Model	Hidden	Interaction	Full	Gain (Recovery Rate)
Claude S4	49.0	52.4	58.8	89%
Claude S3.5	27.3	35.0	43.8	~80%
Qwen3 Coder	45.6	53.6	59.2	~85%
Haiku 3.5	13.0	20.8	26.0	~80%
Deepseek-v2	2.0	7.2	12.2	59%
Llama 70B	1.4	3.6	6.6	54%

Underspecification Detection (Strong prompt)¶

Model	Accuracy	FPR↓	FNR↓
Claude S4	0.89	0.03	0.18
Claude S3.5	0.76	0.36	0.10
Qwen3 Coder	0.50	0.00	1.00

Key Findings¶

Qwen3 Coder FNR = 1.0: Even under Strong prompts, it never initiates interaction—completely ignoring underspecification in favor of a rigid SWE-Bench solving protocol.
Interaction can provide a gain of up to 74% (Hidden → Interaction), but performance remains significantly lower than Full, indicating limited ability to utilize interactive information.
Information Type Analysis: Acquiring navigational information (file paths) helps weaker models the most, while stronger models benefit less from it as they can locate code themselves.
Model Scale/Coding Ability \(\neq\) Interaction Capability: Haiku (a smaller model) shows information utilization rates comparable to Sonnet 3.5.
Claude S4 explores the codebase extensively (65 steps avg.) to compensate for missing info in Hidden; interaction increases this to 75 steps, suggesting interaction improves efficacy but not necessarily efficiency.

Highlights & Insights¶

Decomposition Framework: Breaking down "interaction" into detect-ask-utilize provides high methodological value for evaluating and improving agents.
Paradigm Flaws: Currently, model training optimizes for task completion rate rather than "knowing when to ask," leading to systemic non-interactive behavior.
Rigid Behavior: Some models like Qwen3 Coder re-explore the codebase even after receiving the answer from the user, showing they do not truly "understand" the purpose of the interaction.
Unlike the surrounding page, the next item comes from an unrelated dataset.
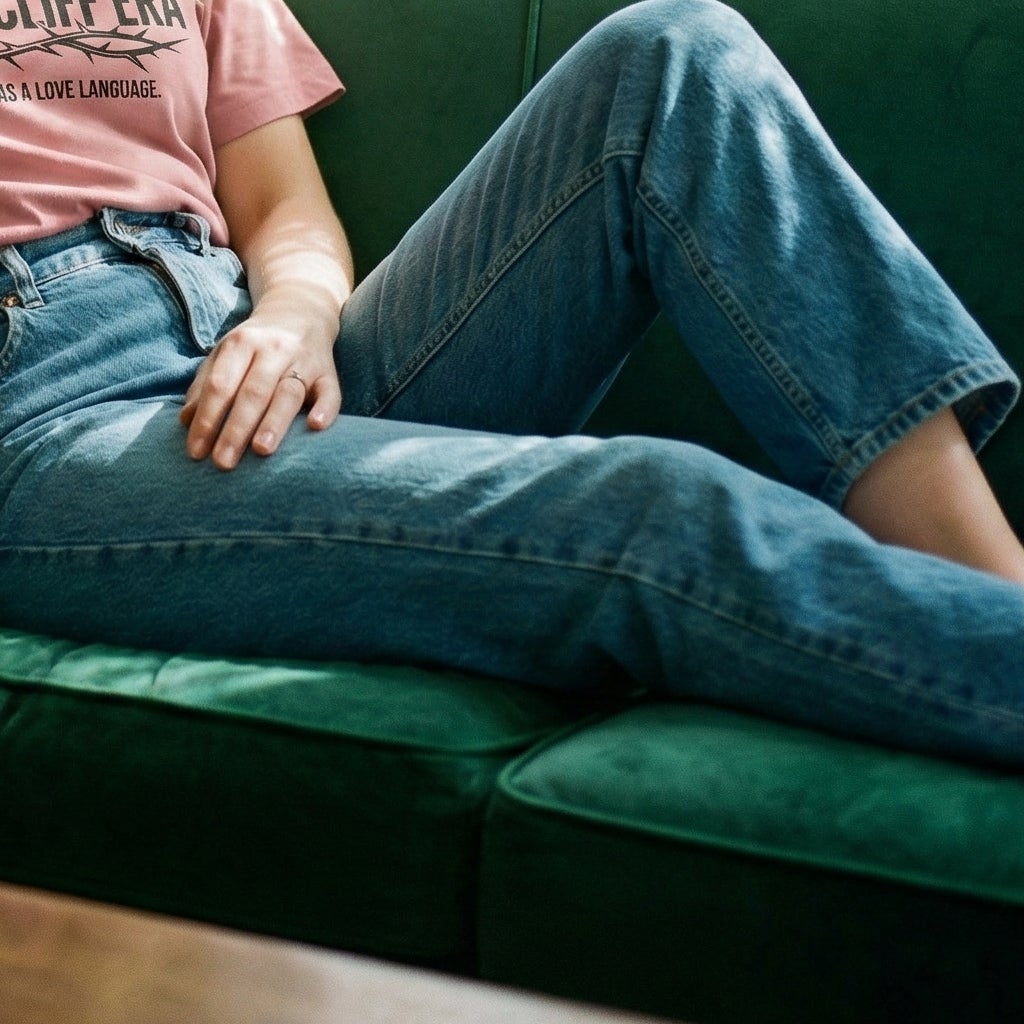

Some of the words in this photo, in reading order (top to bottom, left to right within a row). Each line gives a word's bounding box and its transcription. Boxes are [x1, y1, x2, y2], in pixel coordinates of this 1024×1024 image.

Limitations & Future Work¶

Underspecified versions generated by GPT-4o might be "cleaner" than real-world messy user issues.
The GPT-4o proxy in the Interaction setting might not perfectly reflect nuanced human behavior.
Evaluation is limited to SWE-Bench (Python repositories); other languages or domains are not covered.
The paper diagnoses the issue but does not propose a specific training method to fix interactive shortcomings.

vs AQuA VQA: While AQuA studies VLM strategies for visual ambiguity, Ambig-SWE studies coding agents' interaction for missing text info—different modalities, same core problem of handling uncertainty.
vs SWE-Bench: SWE-Bench assumes complete instructions; Ambig-SWE specifically tests behavior when instructions are incomplete, which is closer to real-world scenarios.
vs ClearVQA: ClearVQA trains models for a "binary choice" (answer vs. ask); Ambig-SWE decomposes it into three steps within complex software engineering environments.

Rating¶

Novelty: ⭐⭐⭐⭐⭐ First systematic evaluation of SWE agent interaction; novel 3-step framework.
Experimental Thoroughness: ⭐⭐⭐⭐⭐ 6 models, 3 settings, 3 prompt levels, multidimensional analysis.
Writing Quality: ⭐⭐⭐⭐⭐ Rigorous experimental design and deep analysis.
Value: ⭐⭐⭐⭐⭐ Critical diagnosis of agent interaction capabilities, directly guiding future training research.